The ability to pair fitness equipment together significantly multiplies the fun level and the challenges! Two favorites are:

  • Creating a tunnel to use for forward crawling! Crawling is an excellent way to work and warm up the full body. Shorter dogs, such as corgis, are often lucky enough to be able to crawl under a four-legged KLIMB (all legs attached). Other dogs may need you to set up two KLIMBs or platforms a few feet apart and to place cavaletti poles or sofa cushions on top – your dog will then crawl between the two KLIMBs and under the poles or cushions. No poles? No problem. Use golf clubs or mop/broom handles! Encourage your dog to crawl through the gap by getting down to his level and calling him through the other side – when he reaches you, he gets a treat!
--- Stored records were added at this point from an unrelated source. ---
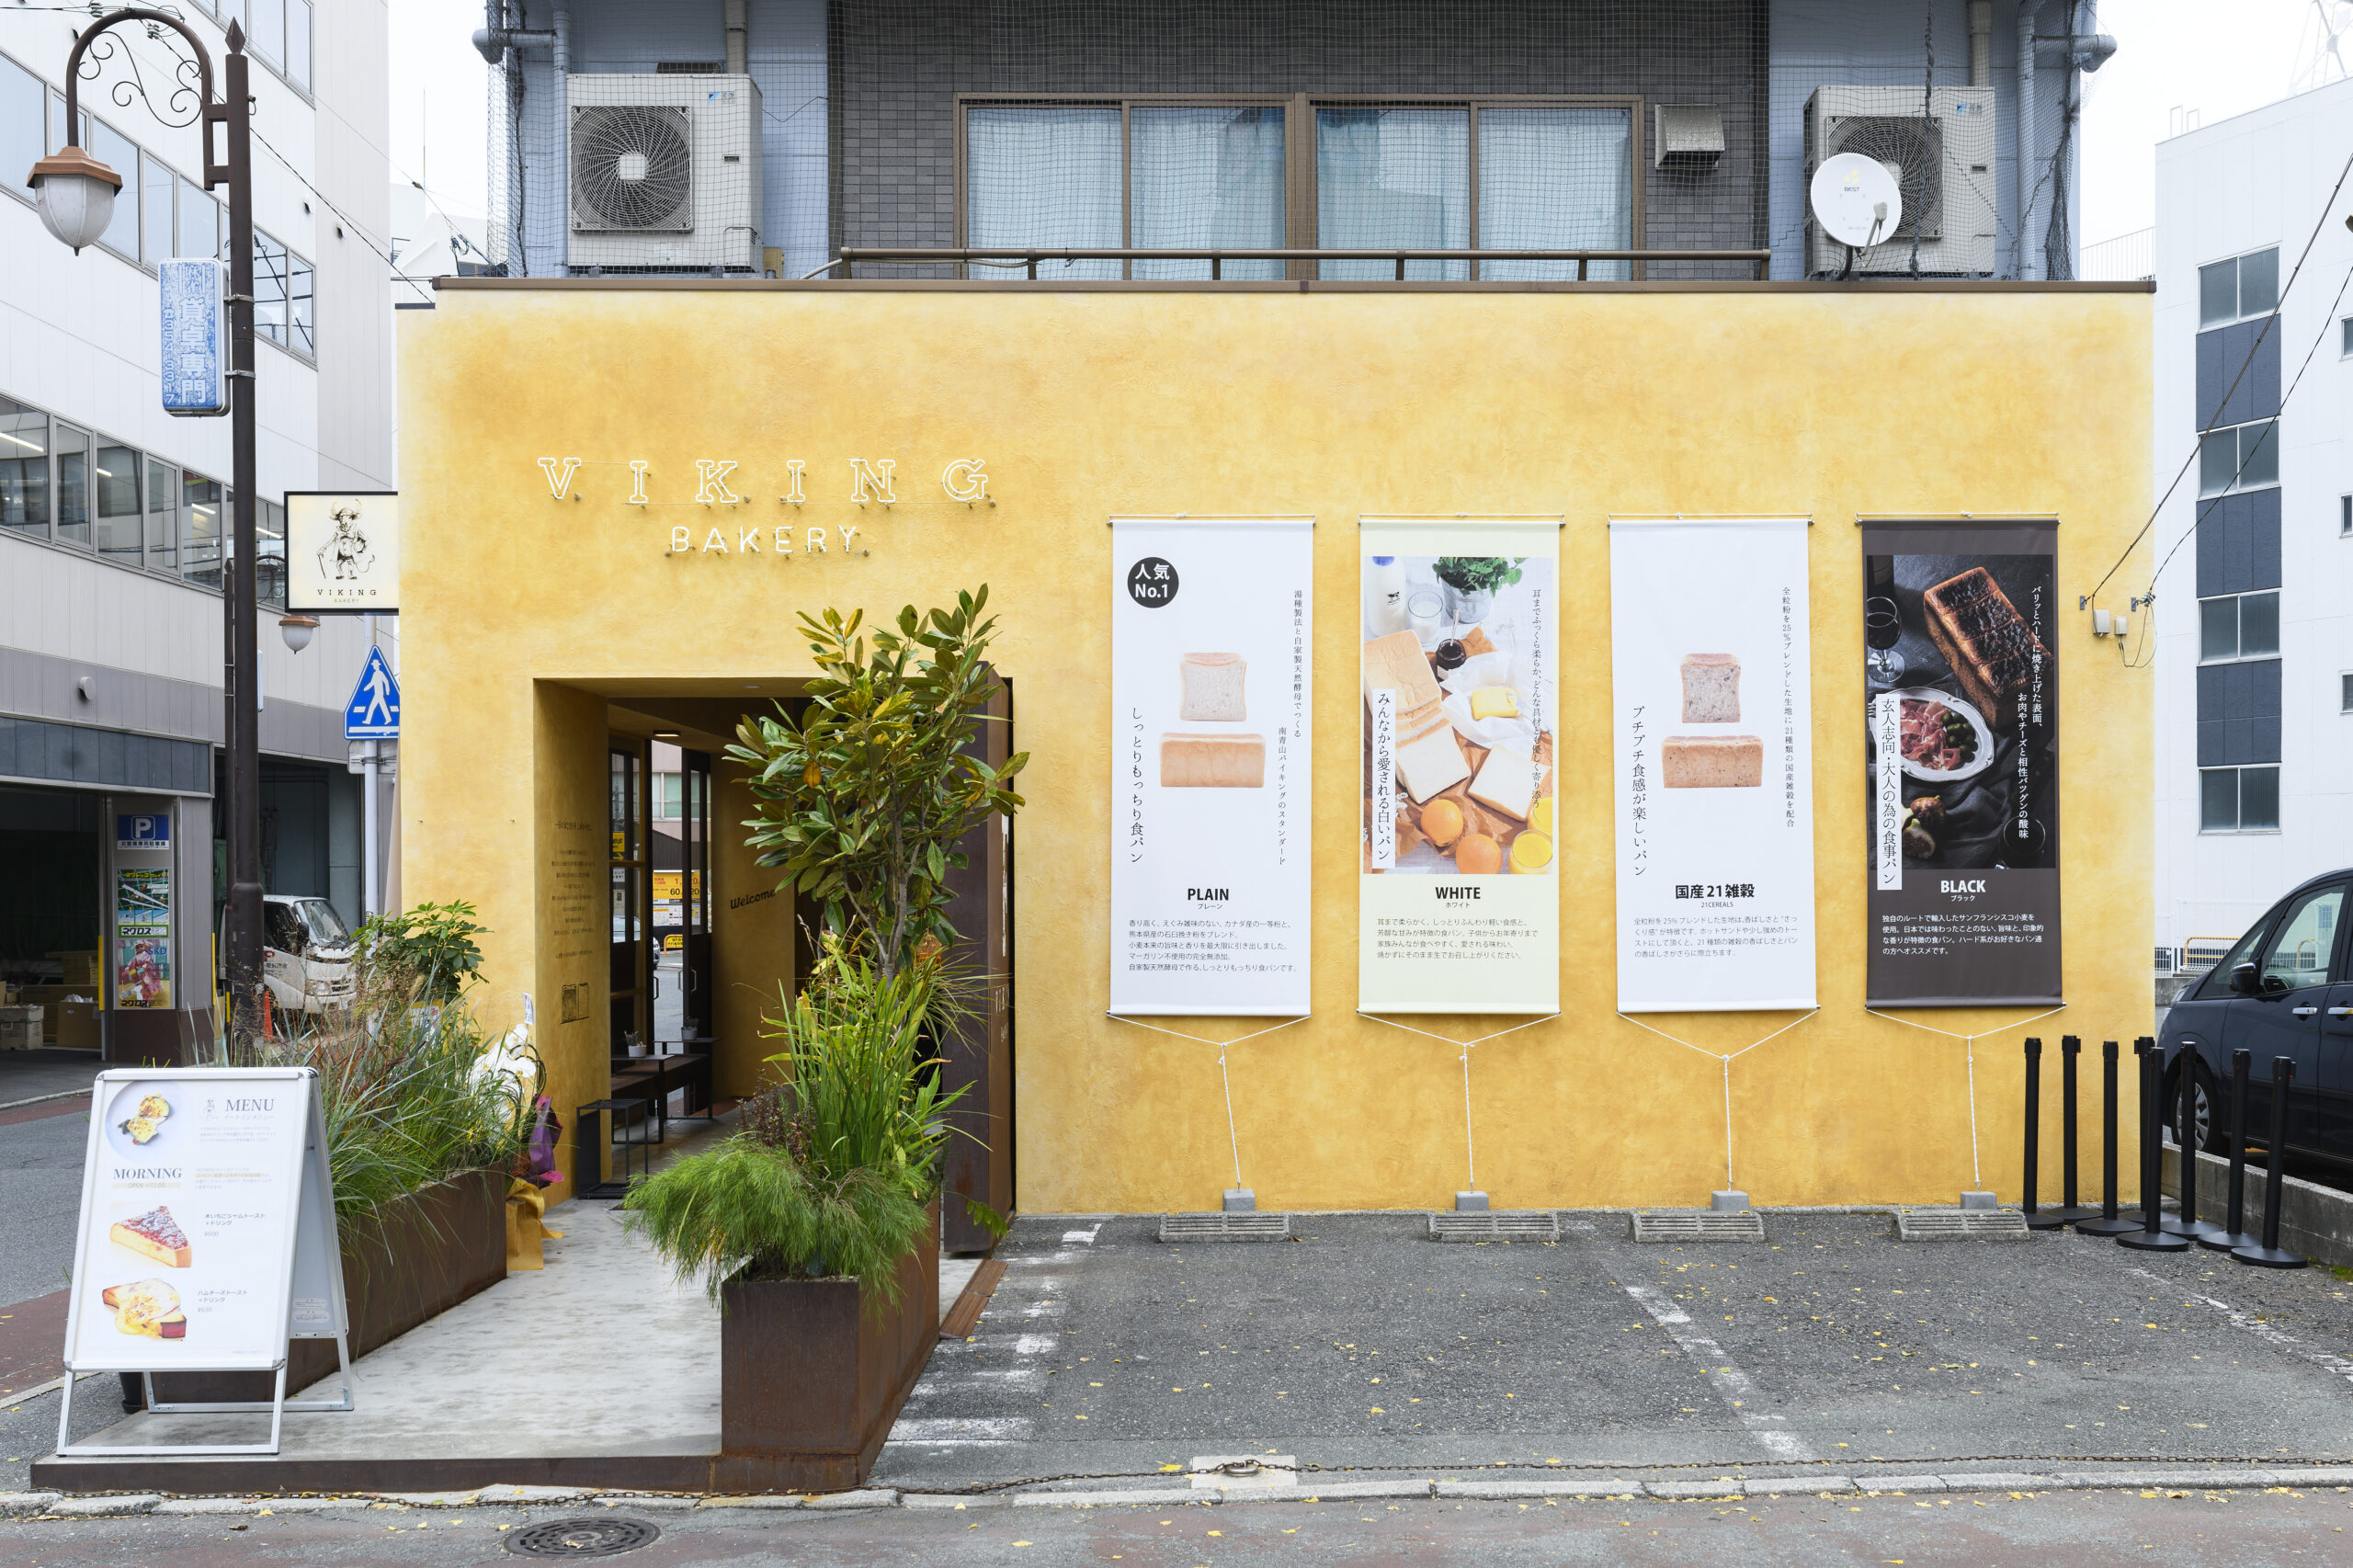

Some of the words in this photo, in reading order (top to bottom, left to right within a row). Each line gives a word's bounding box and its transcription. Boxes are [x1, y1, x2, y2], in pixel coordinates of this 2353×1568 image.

[538, 458, 988, 504] VIKING
[670, 525, 858, 553] BAKERY
[1134, 563, 1170, 581] 人気
[1134, 584, 1168, 598] No.1
[2018, 693, 2029, 838] お肉やチーズと相性バツグンの酸味
[1130, 708, 1144, 863] しっとりもっちり食パン
[1378, 693, 1391, 859] みんなから愛される白いパン
[1632, 706, 1646, 875] プチプチ食感が楽しいパン
[1881, 699, 1897, 884] 玄人志向・大人の為の食事パン
[135, 818, 151, 837] P
[1188, 889, 1229, 901] PLAIN
[1436, 887, 1481, 899] WHITE
[1675, 883, 1755, 899] 国産21雑穀
[1941, 881, 1986, 892] BLACK
[730, 890, 775, 909] Welcome
[225, 1098, 275, 1111] MENU
[113, 1167, 182, 1179] MORNING
  • Using two platforms with a small gap. Start with a two-inch gap between two platforms. This could be two KLIMBs without the legs, two foam pads on the floor, or a different platform combination. You want the platform roughly the same height. With the forelimbs on one platform and the hindlimbs on the second platform, have your hound do stands-to-downs or stands-to-tuck sits over the little gap.

The combinations of fitness equipment pairings are almost endless. To find classes near you or to learn more about how to safely use your equipment and how to do beneficial calisthenic choreography for your dog, find a Certified Canine Fitness Trainer (CCFT). A CCFT can guide you in program design and in the proper number of repetitions and sets per exercise.
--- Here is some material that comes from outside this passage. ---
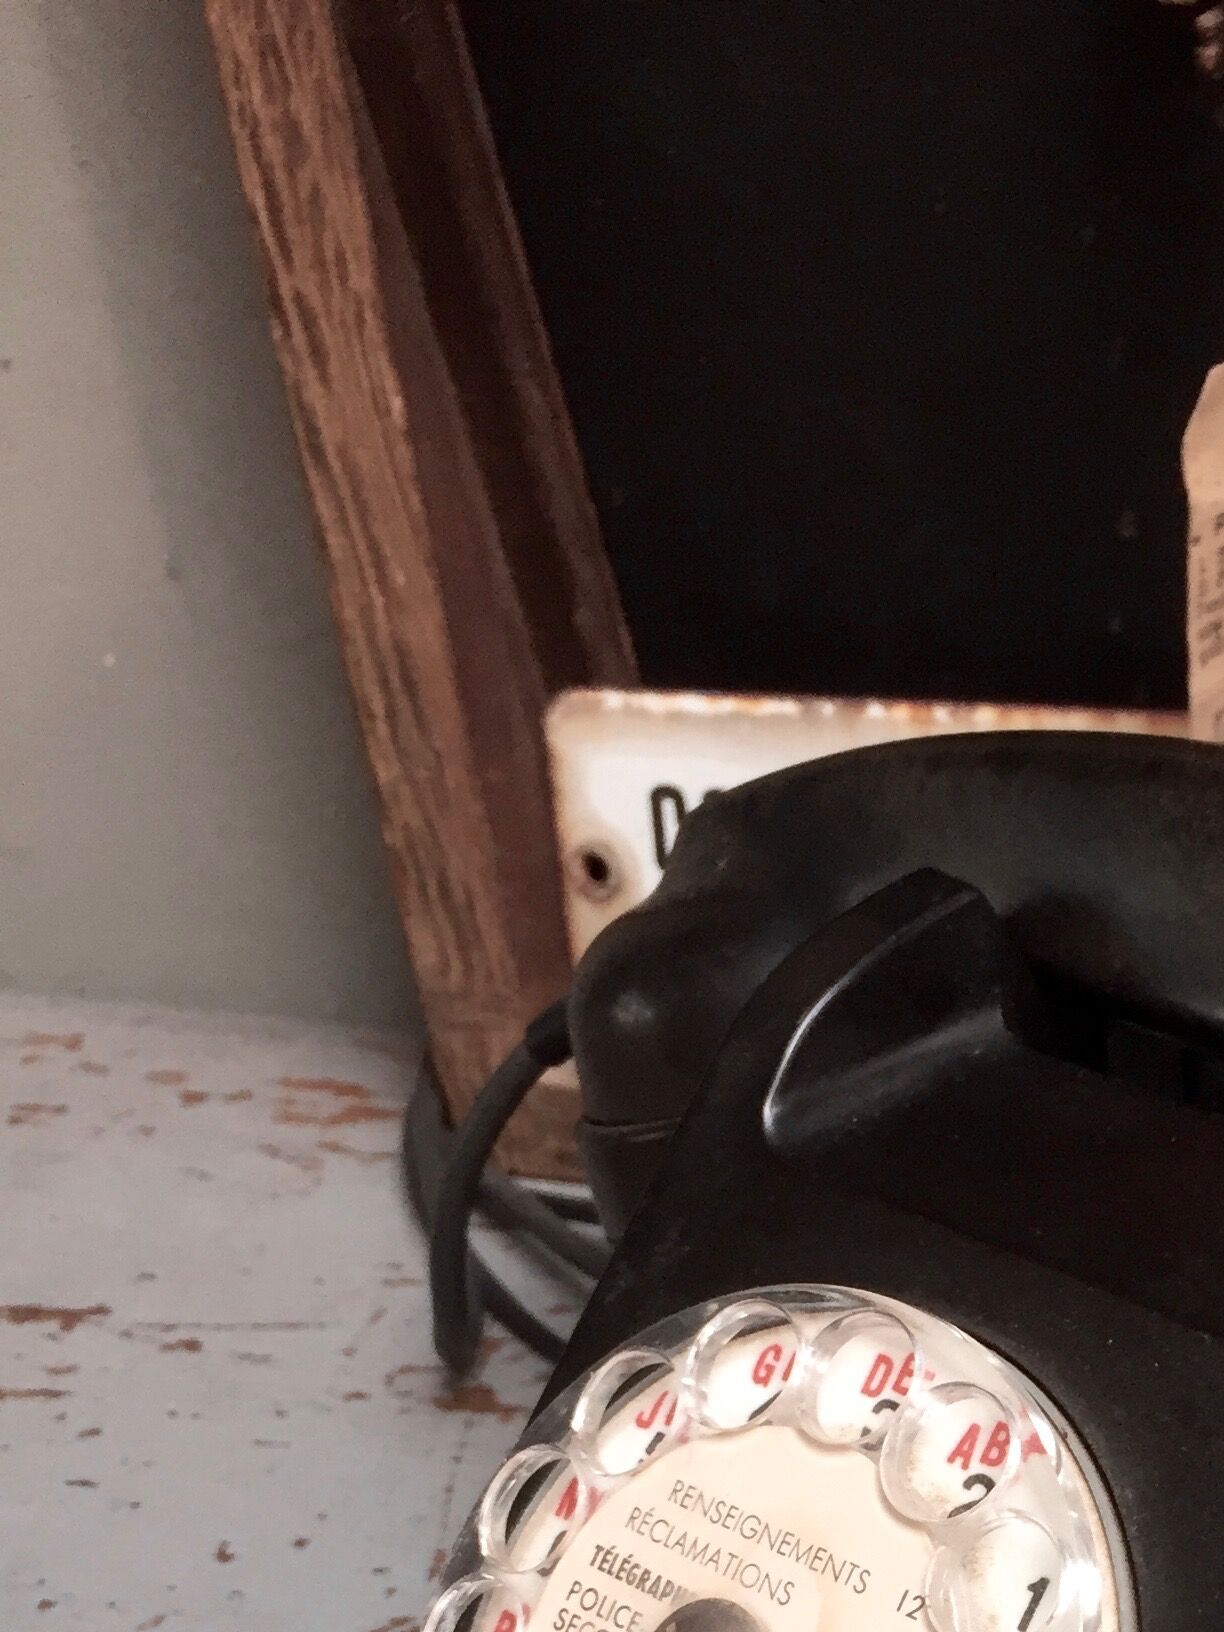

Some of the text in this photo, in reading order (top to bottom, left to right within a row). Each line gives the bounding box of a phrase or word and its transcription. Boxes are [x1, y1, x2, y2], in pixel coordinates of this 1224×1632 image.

[624, 1505, 796, 1606] RÉCLAMATIONS
[667, 1479, 872, 1594] RENSEIGNEMENTS
[896, 1589, 926, 1621] 12
Besides being a blast, doing canine fitness helps keep your dog at an appropriate weight and physically fit. Doing fitness exercises with proper form can help prevent injuries and ensure your pup recuperates faster when he does get injured. Just as humans check with their doctors before engaging in new fitness routines, dog owners should check with their veterinarians before proceeding. If you ever see any changes in your dog’s health or notice any discomfort, stop the activity and contact your veterinarian.

Jasey Day

Jasey Day holds the Certified Canine Fitness Trainer (CCFT) credential through the University of Tennessee. She is a member of the Bobbie Lyons K9FITteam - a team of compassionate canine fitness instructors who actively teach others and continually expand their own knowledge. Since 2004, Jasey has taught a variety of workshops and classes on the following: Puppy, Canine Good Citizen/Family Pet, Advanced Family Pet, Canine Fitness, Canine Swimming, Rally, and Agility. In addition, Jasey has earned over 60 titles in Dock Diving, Agility, Rally, CGC and Trick Dog. Jasey has worked full time for the American Kennel Club since 2007 and teaches at Care First Animal Hospital in Raleigh, NC. Jasey’s Labrador Retrievers spend their free time hiking, training, and snuggling with Jasey.